On 25/10/2010 19:22, Tim Streater wrote:

My niece alleges that the backup issue can be ignored until wind
gets
about 15% or so penetration, which seems not unreasonable.

You may well be right. Now please suggest what can supply the other
85% without fossil fuels.

Well exactly :-)

A nuclear-only solution would seem the most sensible to me.

But what do we do when we run out of fossil fuel? What we have left is
the sunlight and the tides.


well I am not bothered about running out of uranium and other fissile
materials 1000 years down the line, cos by then they MUST have got
fusion working.


Is that how many years of reserve we have left yet?

Dave

its an educated guess..still its better than coal (200 years) or oil
(150years?) from start to finish, in this country.

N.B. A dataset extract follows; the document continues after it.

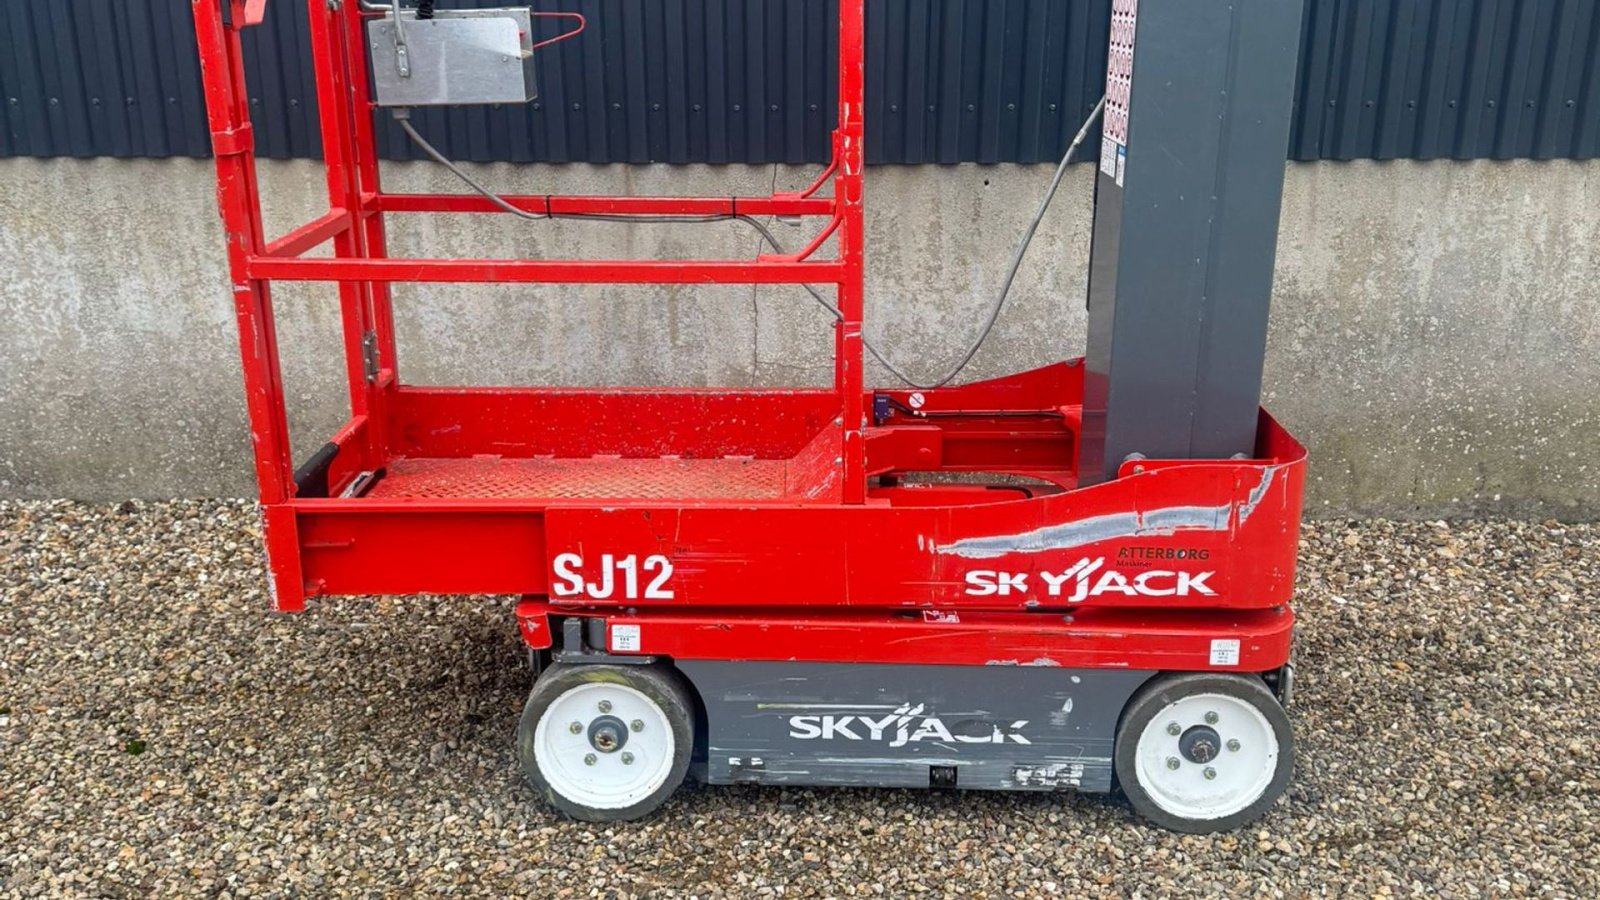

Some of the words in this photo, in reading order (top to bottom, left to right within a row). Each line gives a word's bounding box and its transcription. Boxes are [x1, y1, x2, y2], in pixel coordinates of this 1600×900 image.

[553, 552, 675, 599] SJ12
[1118, 547, 1210, 560] ATTERBORG
[965, 556, 1219, 602] SKYJACK

Coal production tracks economic advances and rise in global importance
and population and standard of living of the UK, almost exactly.

the issue of fissile materials contains several imponderables:

- how much will the developing world use on future?
- what is the greatest price it will still be economic to extract it at?
- how much is there there, that we don't know about, because its not
been worth finding out?
- ultimately, how much will we be able to generate from reactors as part
of a fast or slow breeder reaction.
- will the global population subside to a more sustainable level?

take the worst case, and it might be 150 years. Take the best and it
might be 1500.

But even 200 years buys us time for the next step. Presumably fusion, or
some deeply obscure bit of quantum physics.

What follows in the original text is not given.